Inductive Logic Programming via Differentiable Deep Neural Logic Networks

TL;DR

This paper introduces a differentiable neural logic network for inductive logic programming that learns symbolic rules directly, supporting recursion and predicate invention, and outperforms existing ILP methods on benchmark datasets.

Contribution

The paper presents a novel differentiable neural logic network for ILP that learns symbolic rules without restrictive templates, enabling recursion and predicate invention.

Findings

Outperforms state-of-the-art ILP solvers on benchmark datasets

Supports recursion and predicate invention in ILP

Efficiently learns Boolean functions with explicit symbolic rules

Abstract

We propose a novel paradigm for solving Inductive Logic Programming (ILP) problems via deep recurrent neural networks.

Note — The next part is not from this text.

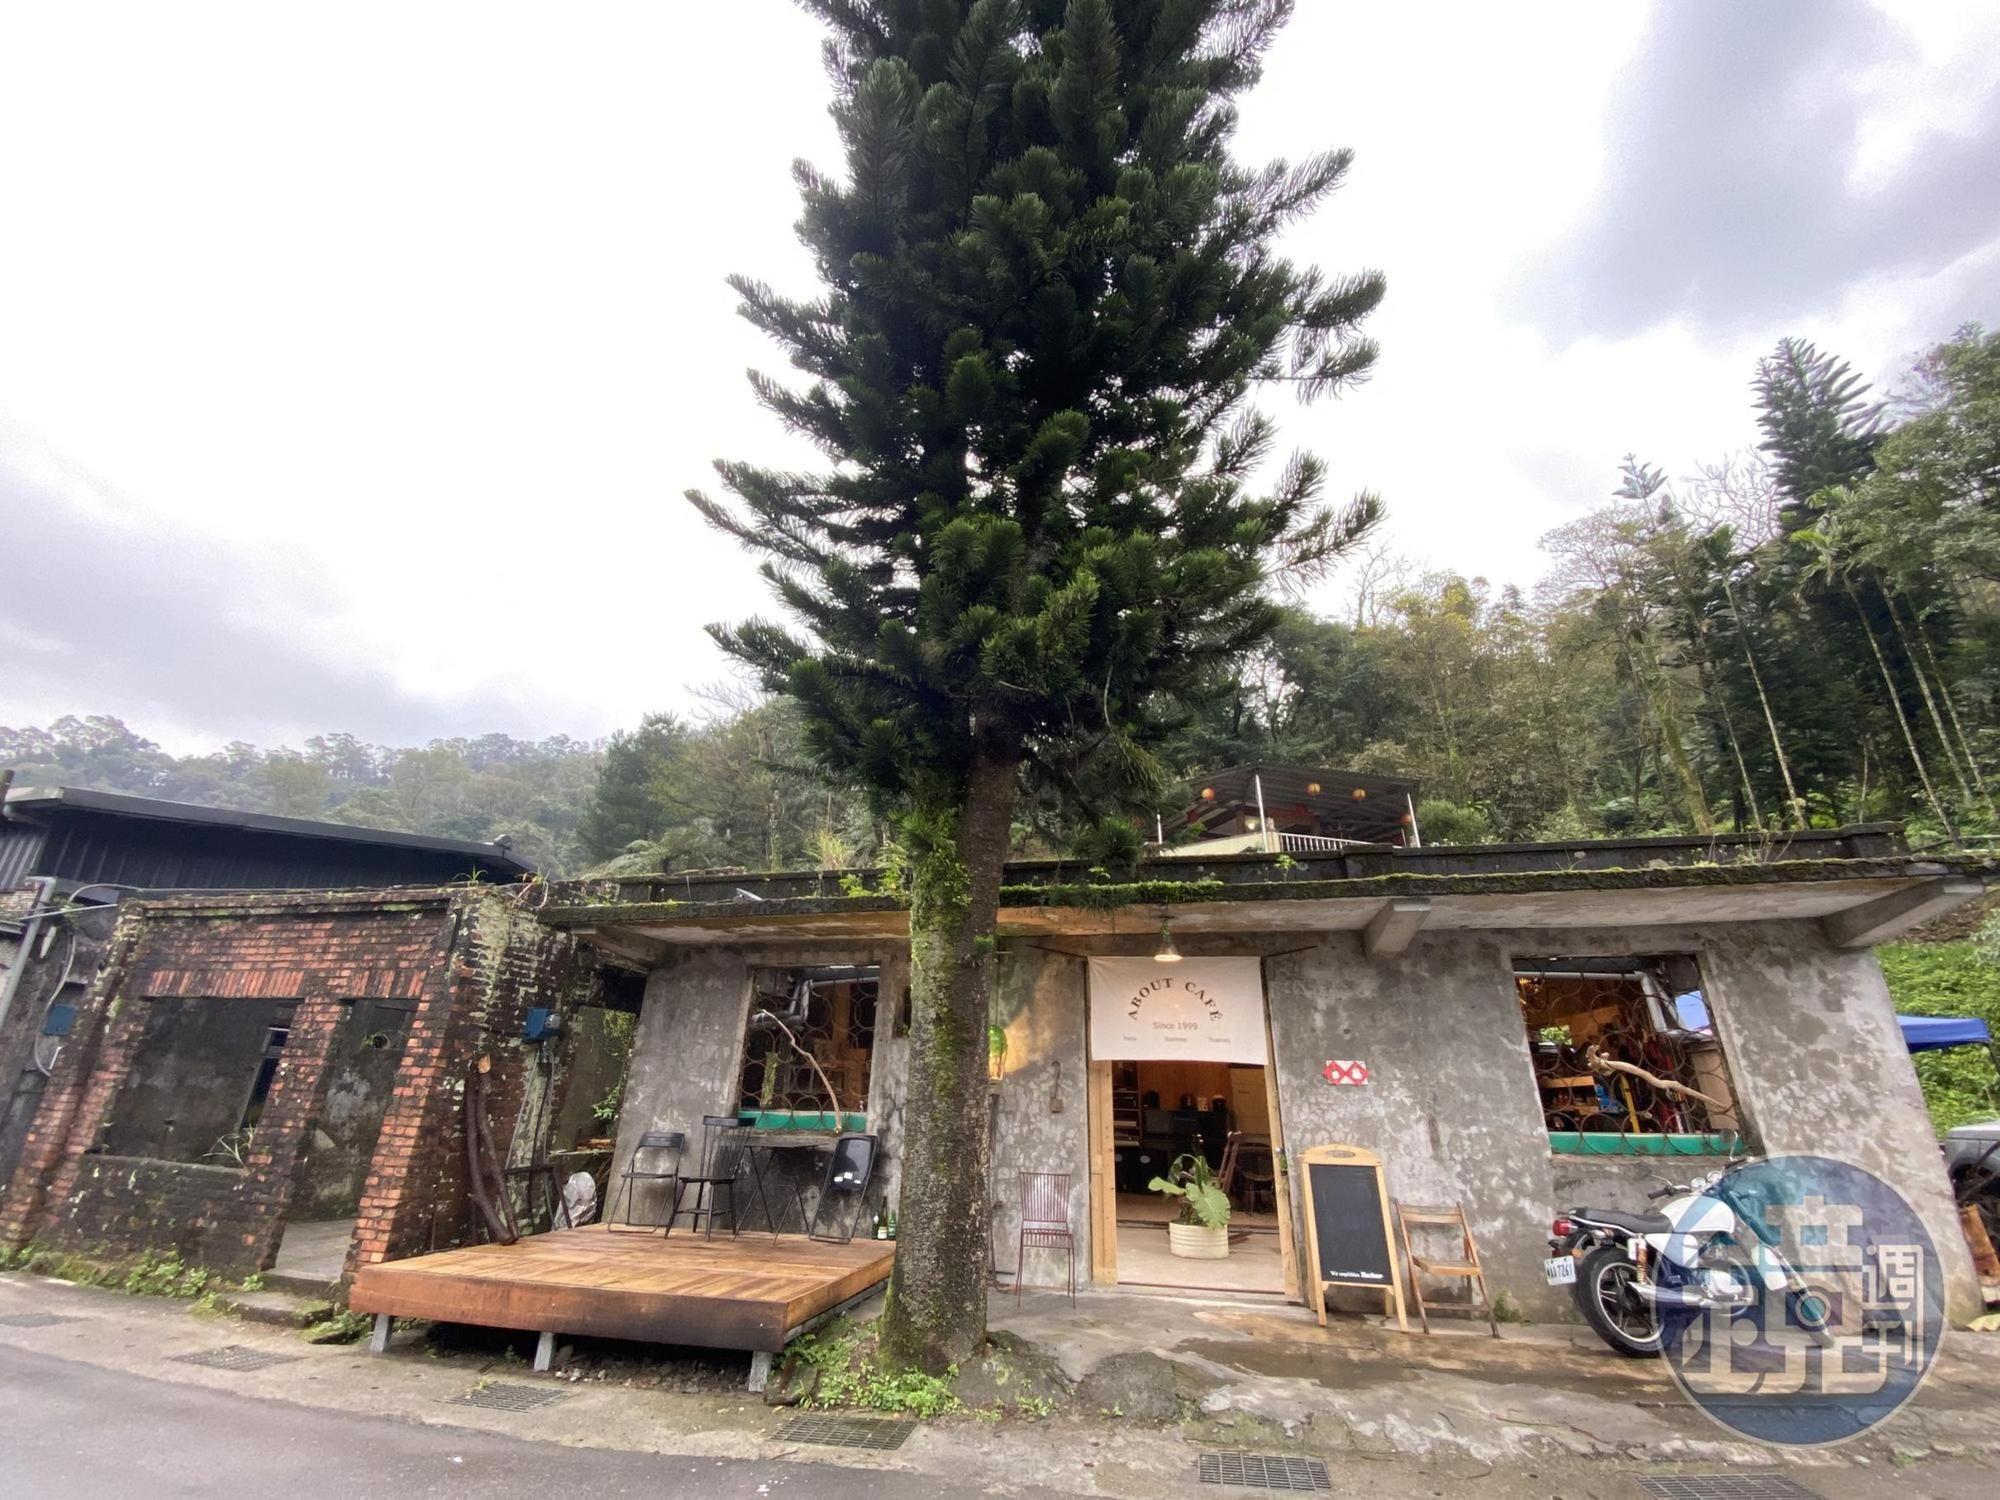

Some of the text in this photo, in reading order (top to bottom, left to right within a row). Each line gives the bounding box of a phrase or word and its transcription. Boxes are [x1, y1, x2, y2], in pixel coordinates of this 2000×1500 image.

[1127, 977, 1174, 1021] ABOUT
[1152, 1021, 1199, 1031] Since 1999

This proposed ILP solver is designed based on differentiable implementation of the deduction via forward chaining. In contrast to the majority of past methods, instead of searching through the space of possible first-order logic rules by using some restrictive rule templates, we directly learn the symbolic logical predicate rules by introducing a novel differentiable Neural Logic (dNL) network. The proposed dNL network is able to learn and represent Boolean functions efficiently and in an explicit manner. We show that the proposed dNL-ILP solver supports desirable features such as recursion and predicate invention. Further, we investigate the performance of the proposed ILP solver in classification tasks involving benchmark relational datasets. In particular, we show that our proposed method outperforms the state of the art ILP solvers in classification tasks for Mutagenesis, Cora and IMDB datasets.